Abstract— This paper proposes and evaluates an approach to the parallelization, deployment and management of applications that integrates several emerging technologies for distributed computing. The proposed approach uses the MapReduce paradigm to parallelize tools and manage their execution, machine virtualization to encapsulate their execution environments and commonly used data sets into flexibly deployable virtual machines. Multi node environment in which one node will act as a gateway client machine can access the cluster through the gateway via REST API. Using this concept we propose a virtual infrastructure gateway that lifts this restriction. Through gateway cloud consumers provide deployment hints on the possible mapping of VMs to physical nodes.
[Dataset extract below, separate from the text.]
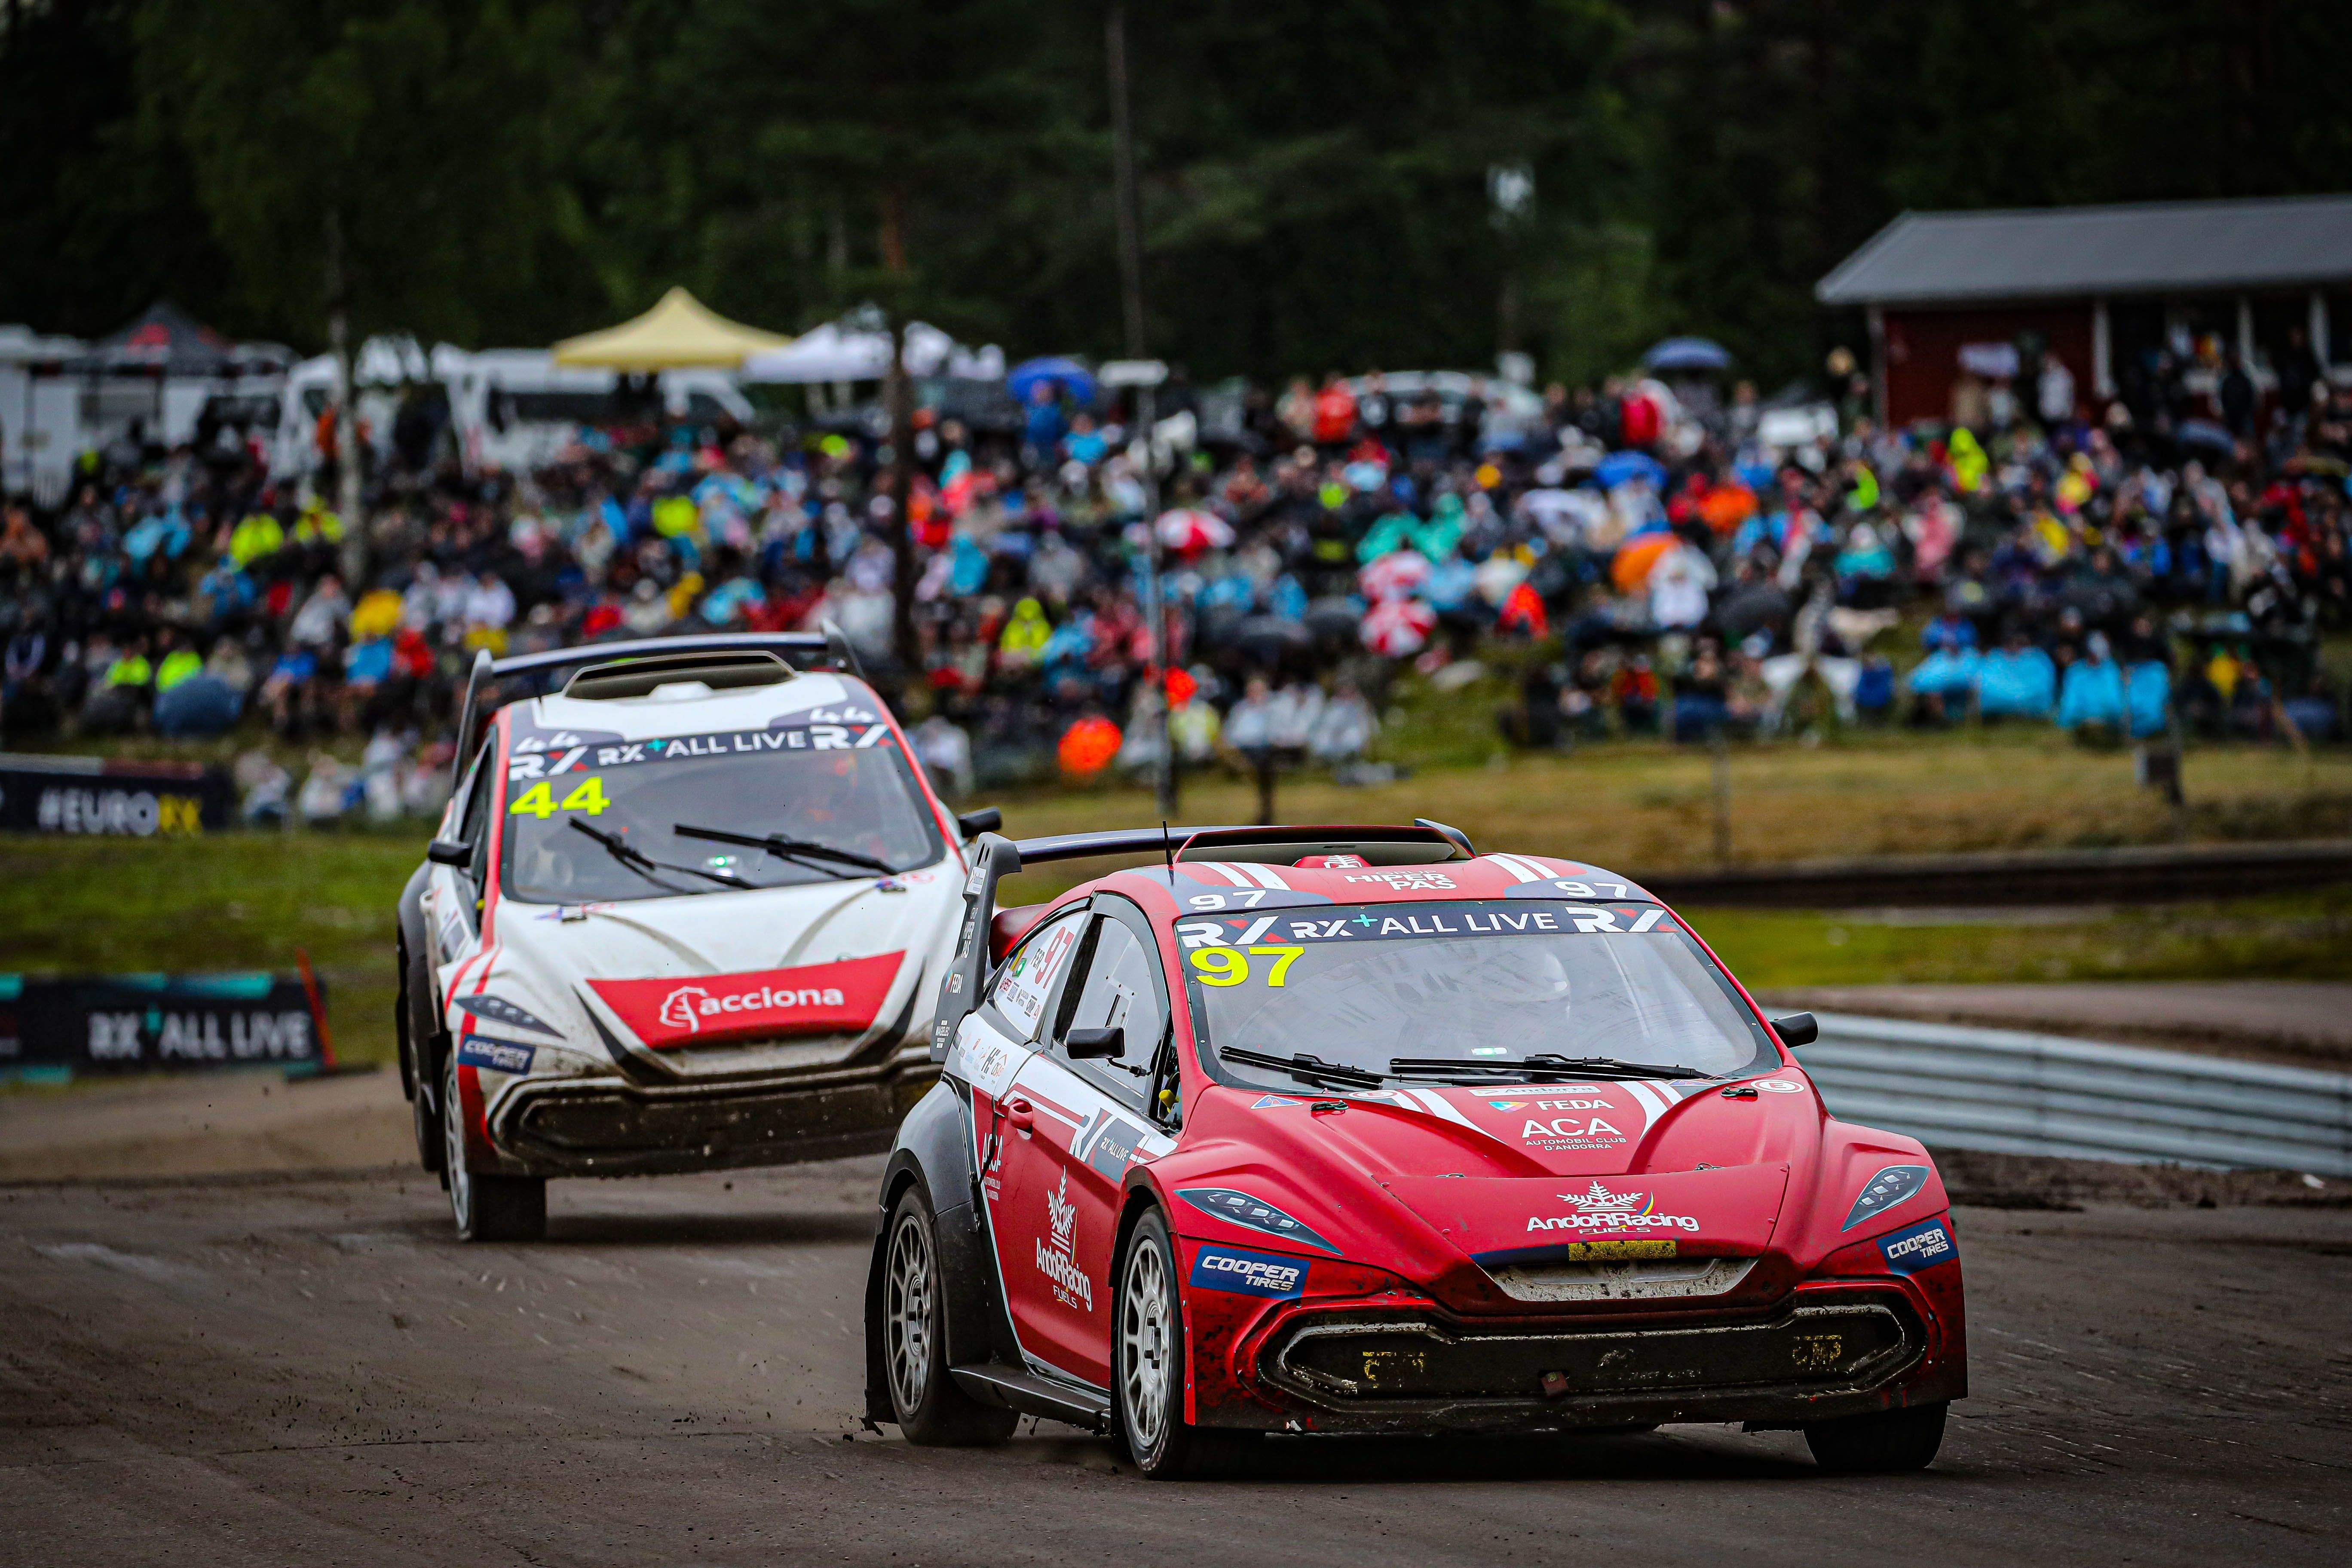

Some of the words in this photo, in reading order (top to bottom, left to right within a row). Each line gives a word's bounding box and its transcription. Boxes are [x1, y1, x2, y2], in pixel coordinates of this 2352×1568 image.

Such hints include the collocation and anticollocation of VMs, the existence of potential performance bottlenecks, the presence of underlying hardware features (e.g., high availability), the proximity of certain VMs to data repositories, or any other information that would contribute in a more effective placement of VMs to physical hosting nodes. Oozie will allow REST access for submitting and monitoring jobs. cloud Computing allows cloud consumers to scale up and down their resource usage based on demand using the Apache Hadoop, using this prototype we are analysing various techniques for scalability in cloud. It also demonstrates how power-aware policies may reduce the energy consumption of the physical installation.